A few days in the past, Qualcomm and Microsoft announced they were collaborating on a category of computer called the ‘Always Connected PC.’ In other words, a PC that behaves more like a smartphone. That could have potentially massive implications for the way we use our computers, but there are some important drawbacks as well.
Let’s break it down.
What exactly is an Always Connected PC?
The ‘Always Connected’ bit is basically a marketing term Microsoft is using for a new batch of Windows PCs running on processors with ARM architectures – the same type of super-efficient chips on our mobile devices.
These PCs will have two primary claims to fame over the ‘x86’ type processors in current PCs: constant cellular connectivity, and ridiculously long battery life – over 20 hours on a charge. For comparison most Windows Ultrabooks are in the 12-hour range.
In particular, the company is partnering with Qualcomm, which makes the processing platform used in the vast majority of Android devices, including the Snapdragon 835 in the Galaxy S8/Note 8 (in the US), the Pixel 2, the OnePlus 5, the LG V30, etc.
It’s possible the company might work with other ARM partners in the future, but Qualcomm is getting the first go at it. The first couple of Always Connected PCs will use the same chipsets as those phones.
The idea is that by combining super-efficient processors with constant connectivity, PCs will be as convenient as our smartphones. With battery life over 20 hours, you won’t ever have to think about carrying a charger. Like your phone, they’ll instant wake from sleep. With constant LTE connectivity, you won’t have to scramble to find a hotpost.
How is that different from existing PCs with cellular connectivity?
Let’s be clear: Always Connected PCs won’t do anything you can’t already do with existing PCs, and there are already plenty of PCs on the market with constant LTE connectivity. But they might do some things better.
The smaller and more efficient processors allow for bigger batteries with lower power drainage; think of how powerful and efficient our smartphones are. It also means computers could get smaller and lighter while still providing solid battery life.
In the meantime, Qualcomm is already a big participant within the cellular trade with main clout with telephone carriers. That aggregate of things may imply that cell connectivity on PCs will change into the norm, reasonably than a distinct segment.
On a comparable observe, it’s no longer transparent whether or not the At all times Attached PC branding can be unique to ARM processors, or whether or not they are going to follow to Intel and AMD chips that meet certain criteria.
What are some models on the way?
So far, only two Always Connected PCs have officially been announced: The Asus NovaGo and the HP Envy X2. Qualcomm said Lenovo would be announcing its own entry at CES in January.
We went hands on with the Asus and HP models here. But TL;DR – they’re typical 2-in-1s, except with the promise of incredible battery life. Of course, we need to put those claims to the test once the devices start shipping next year.
The first batch of Always Connected PCs are expected to launch in Spring of 2018, so you have some time to prepare your wallet.
Will they be able to run regular Windows programs?
Yes, but with some restrictions.
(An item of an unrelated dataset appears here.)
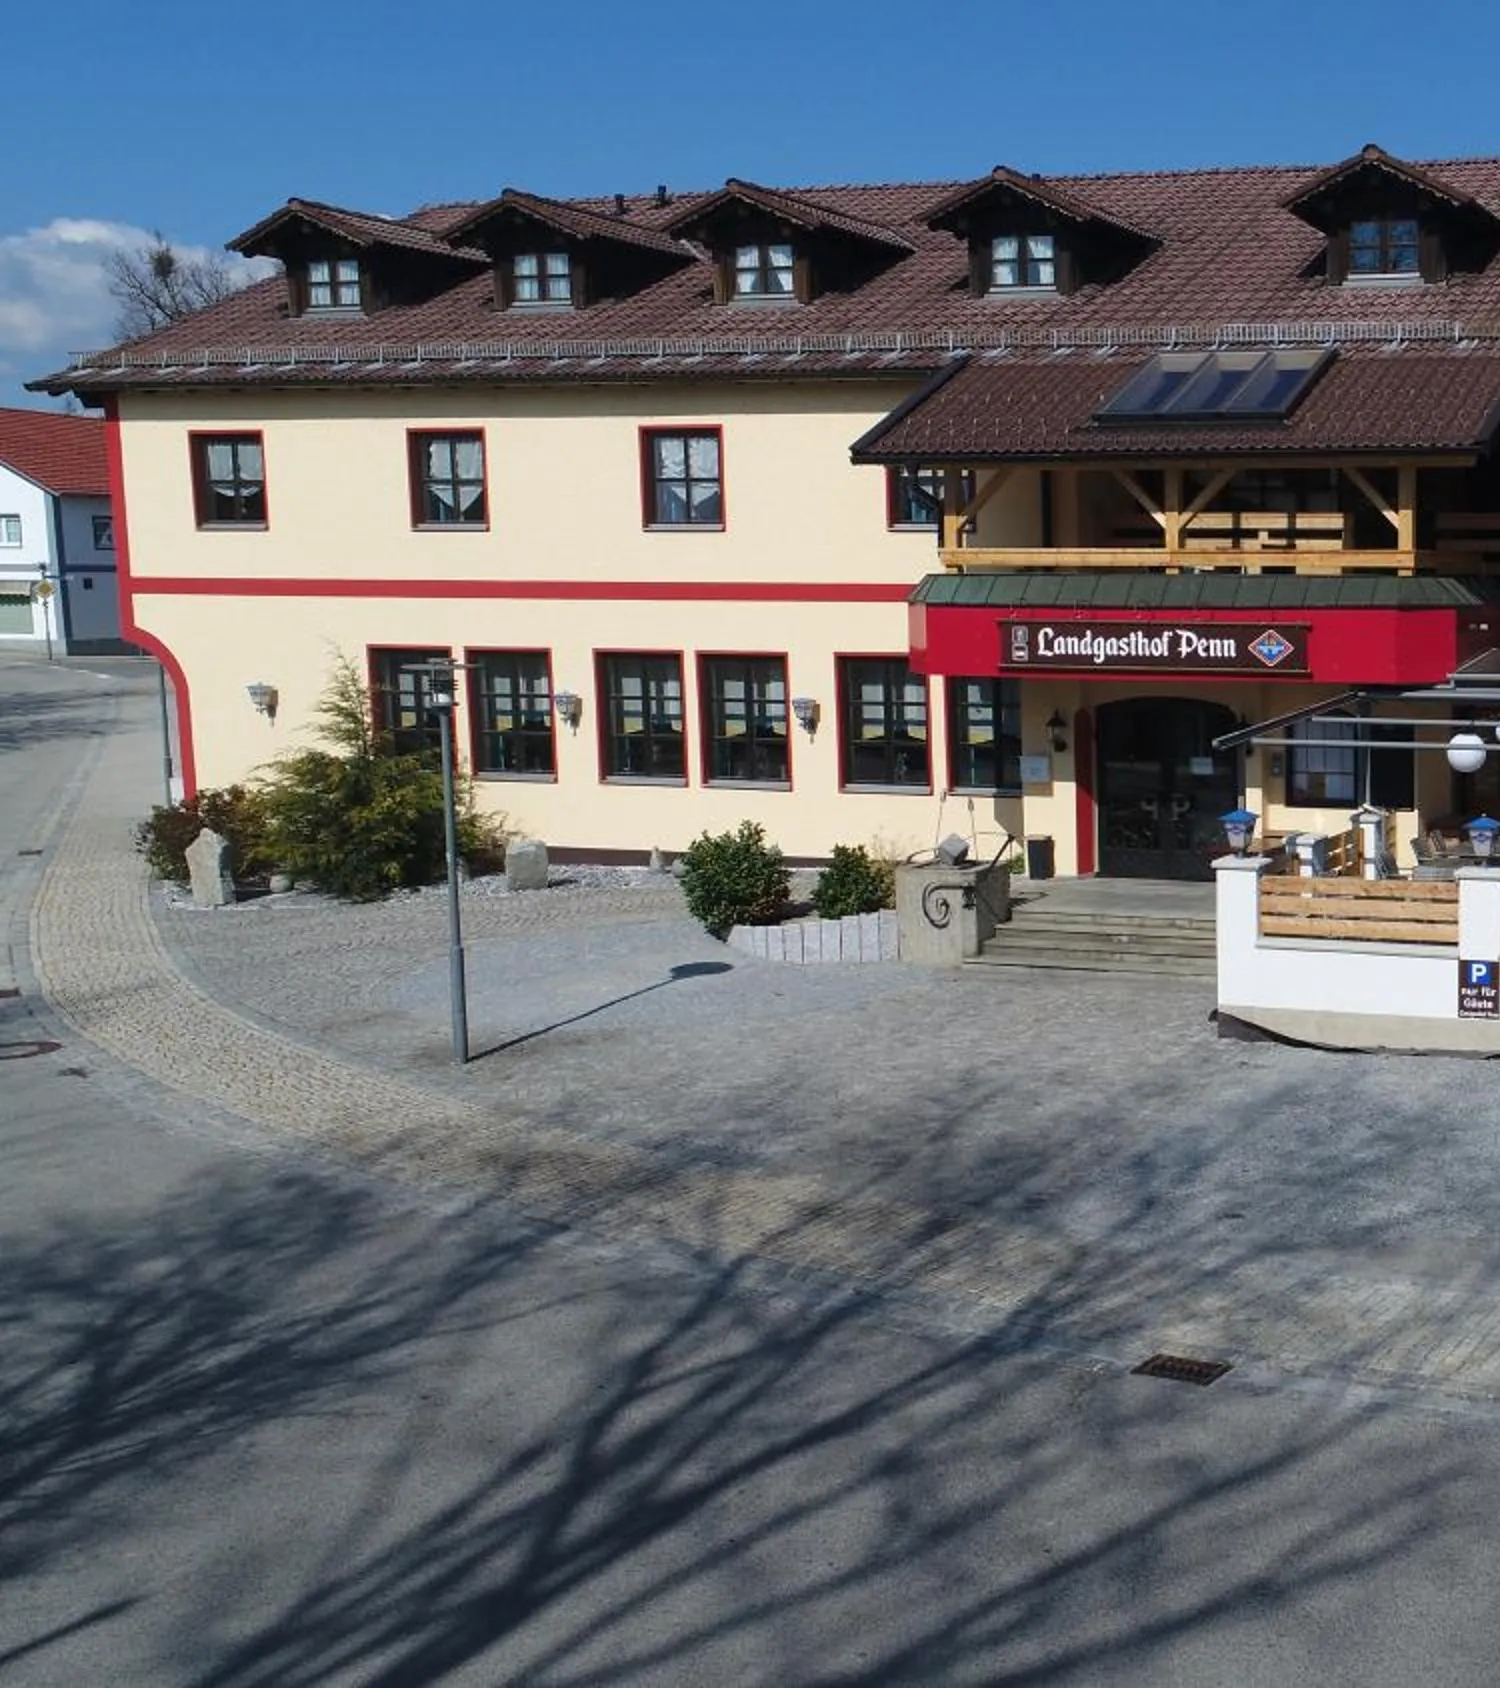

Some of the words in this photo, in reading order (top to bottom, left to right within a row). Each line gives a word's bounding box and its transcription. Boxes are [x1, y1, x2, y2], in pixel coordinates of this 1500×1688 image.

[1037, 627, 1173, 664] Landgasthof
[1175, 629, 1237, 658] Penn
[1471, 963, 1487, 983] P
The two PCs mentioned above come preloaded with Windows 10 S – the version of Windows limited to apps from the Microsoft Store.
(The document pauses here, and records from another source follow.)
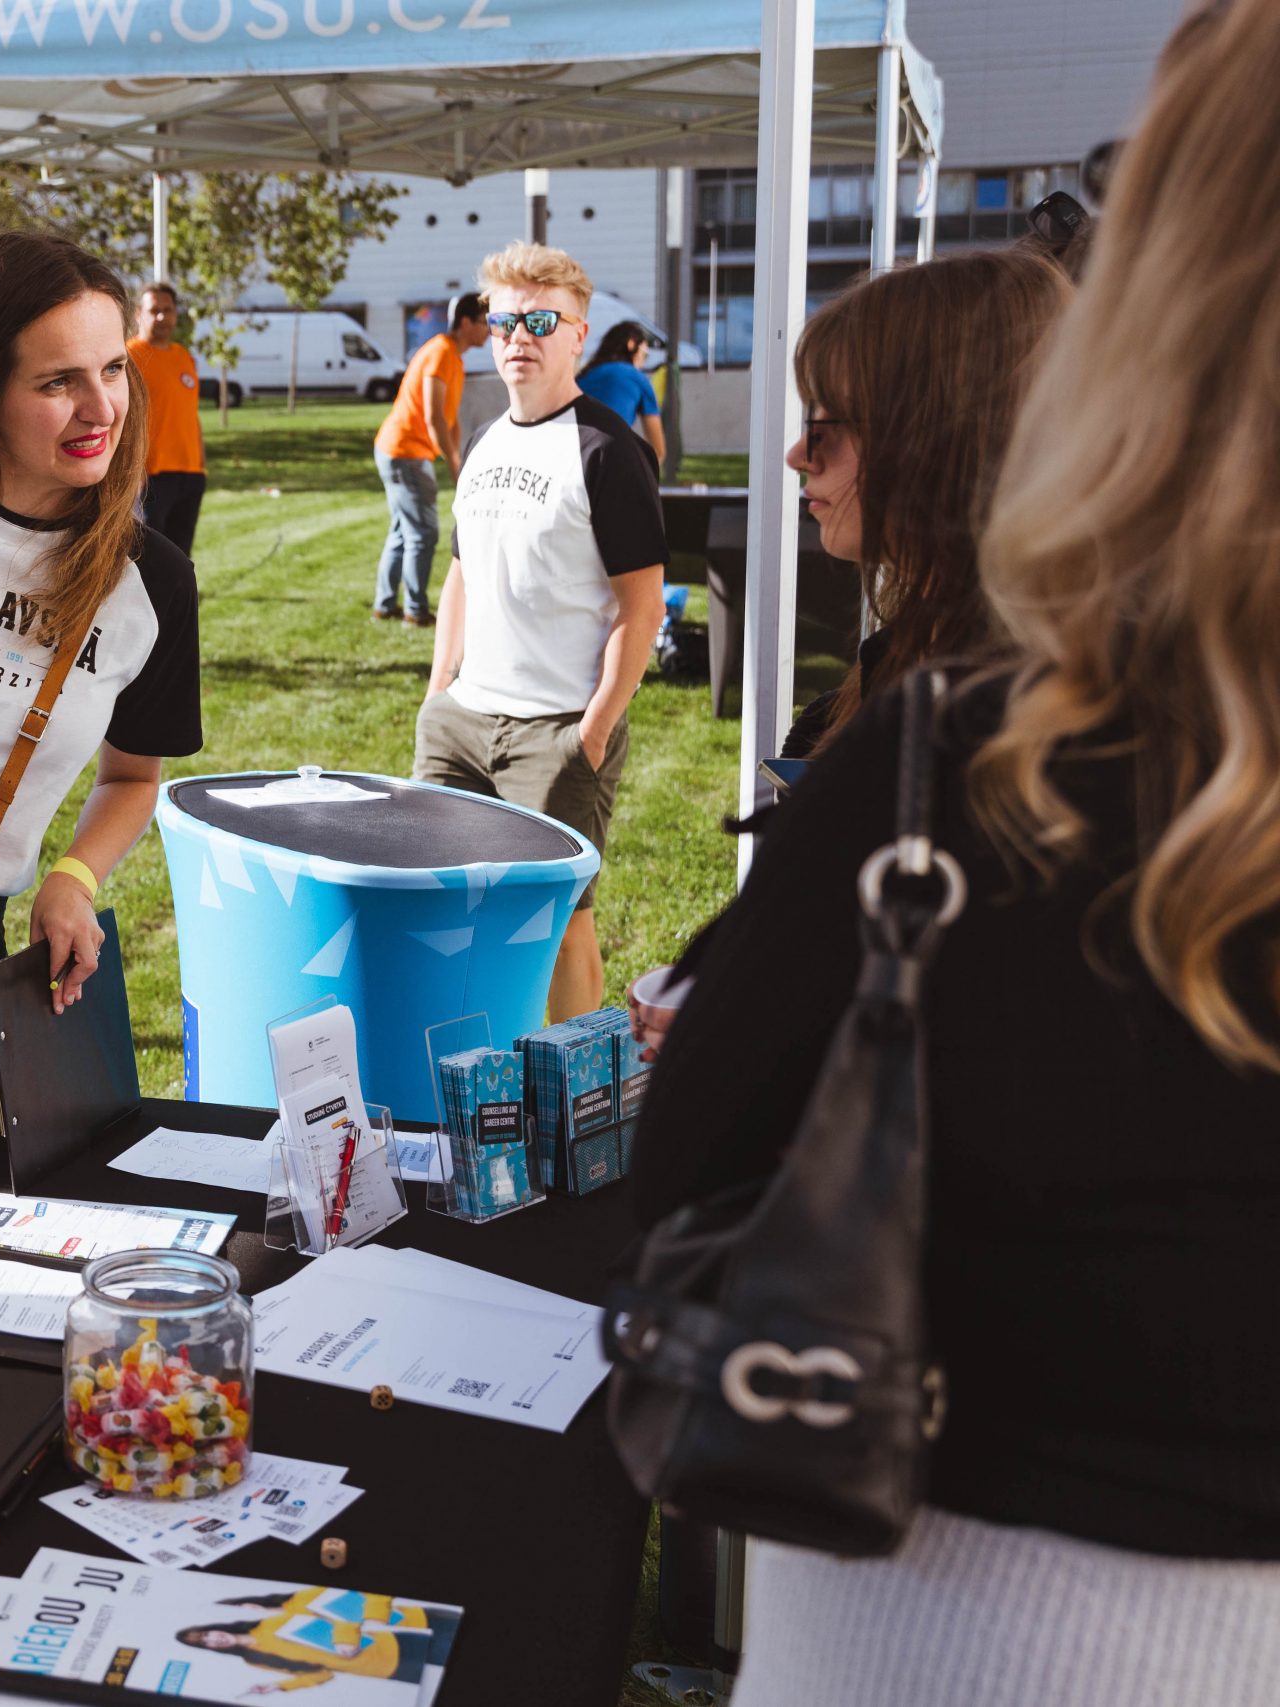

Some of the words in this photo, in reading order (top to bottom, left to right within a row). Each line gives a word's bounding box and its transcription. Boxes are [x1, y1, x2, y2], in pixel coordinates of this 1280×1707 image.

[6, 651, 24, 664] 1991
[481, 1105, 509, 1116] COUNSELLING
[508, 1105, 518, 1114] AND
[484, 1118, 500, 1127] CAREER
[500, 1116, 516, 1126] CENTRE
[344, 1317, 378, 1341] CENTRUM
Always Connected PCs should be able to run any apps available on the Microsoft Store, but that’s still a pretty limited selection. In my very brief testing, these seemed to run as smoothly as the typical Ultrabook.
Should you upgrade to Windows 10 Pro or Home, you will still be able to run most traditional software, so long as it comes with a 32-bit (x86) version. Software that are exclusively 64-bit will not work (unless it was designed specifically for ARM processors) but those are pretty rare. According to a Microsoft Spokesperson:
The emulation technology supports x86 applications. We do not emulate 64-bit applications, the majority of which are AAA Games. Additionally, the emulation technology does not emulate applications that require kernel-mode drivers (e.g. some anti-virus applications). We are working on an ARM64 SDK that will enable developers to author applications for ARM64 and we’ll have more news to share in the future.
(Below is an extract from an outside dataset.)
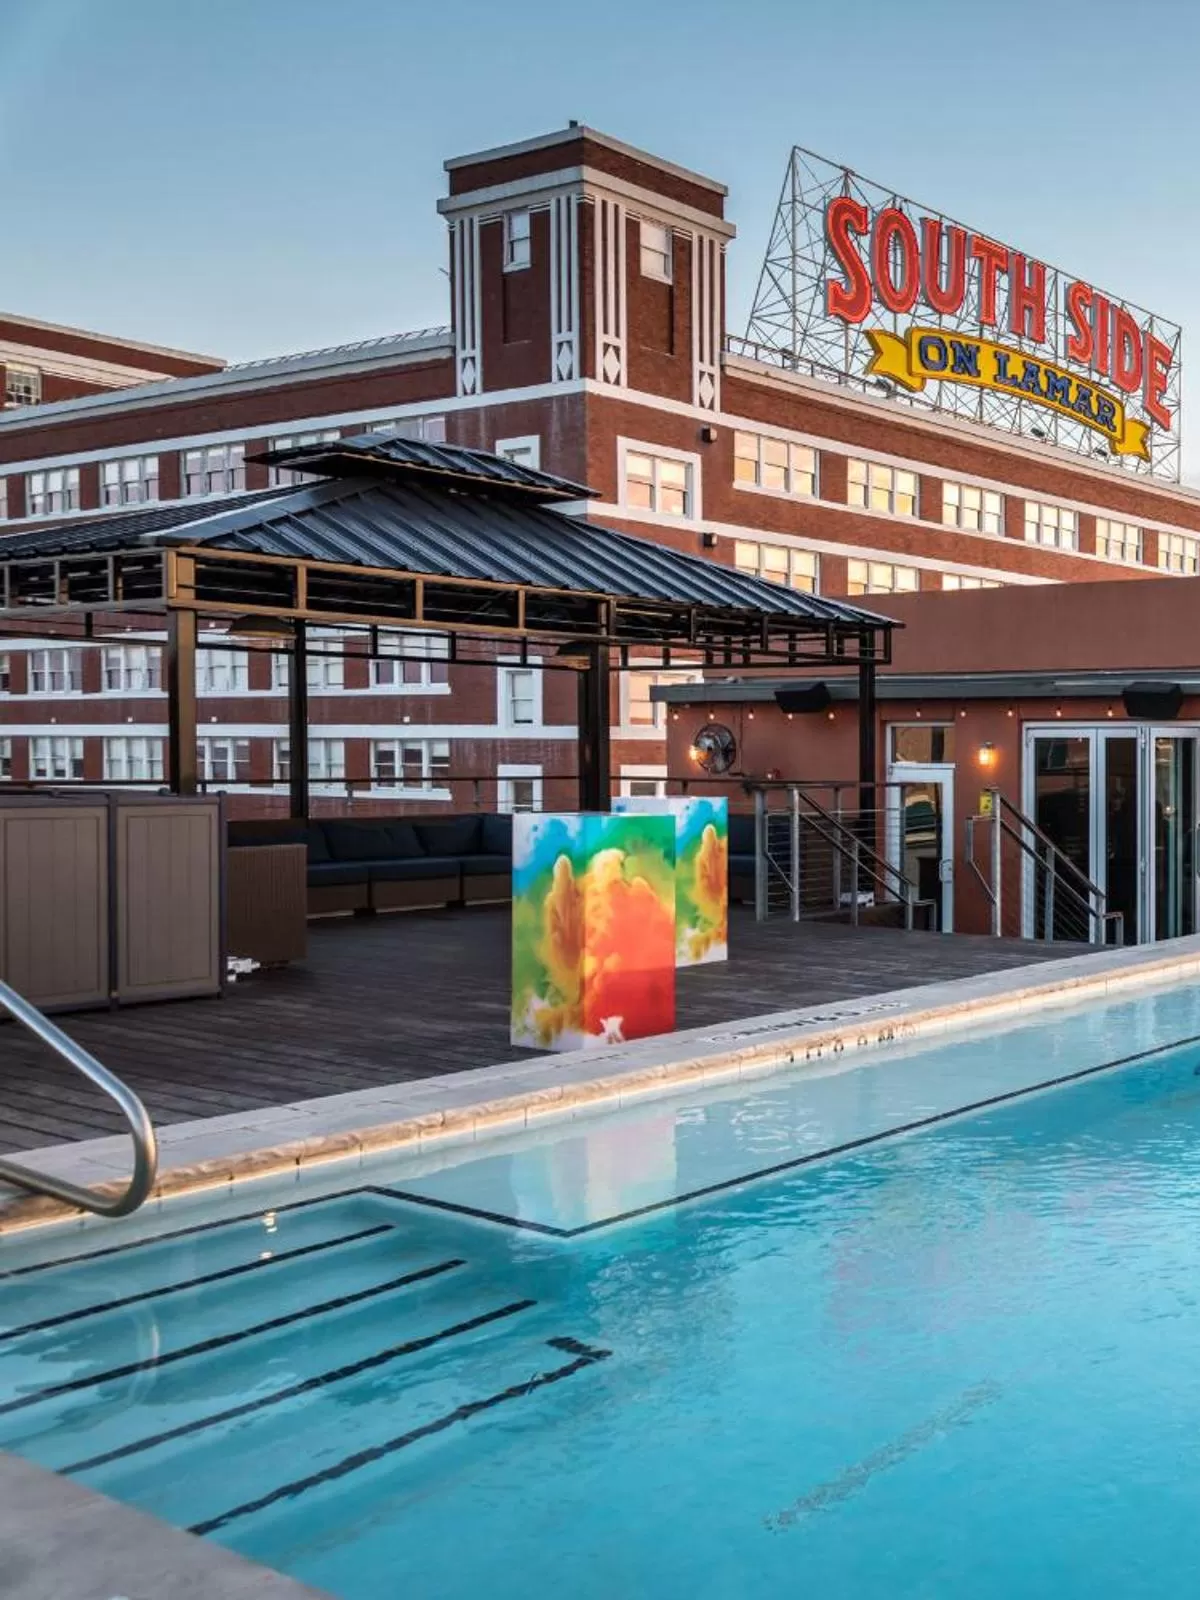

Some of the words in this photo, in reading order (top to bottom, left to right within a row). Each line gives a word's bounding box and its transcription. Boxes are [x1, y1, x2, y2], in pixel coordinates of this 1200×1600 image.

[825, 197, 1046, 343] SOUTH
[1065, 282, 1172, 430] SIDE
[919, 335, 980, 376] ON
[995, 352, 1116, 430] LAMAR
However – and this is an important caveat – it remains to be seen how well x86 emulation runs. You should be able to run Photoshop, for instance, but we can’t say how smoothly it will run until we can spend more time with an ARM-powered device.
Lastly, there’s the simple fact that these are still mobile processors at the end of the day. It’ll be a while before we get Always On PCs that can match the performance of high-end Windows Laptops.
What’s the point?
Unless your laptop has truly marathon battery, chances are you take your charger with you for all but short outings. Chances are you’re constantly struggling to find an internet connection unless you’re at work home.
Always on PCs could change that. We’d start to treat our computers more like our phones, generally not worrying about power or connectivity. For Microsoft, that means you’ll be taking your PCs to many more places.
Again, PCs with LTE connectivity and solid battery life already exist, but Qualcomm and Microsoft are doubling down on the concept. Over the next few years, it could very well become normal to get a cellular plan for your PC to go along with your smartphone – or perhaps even sharing a plan. The move will also likely push Intel into producing even more efficient and powerful processors. Competition fosters innovation.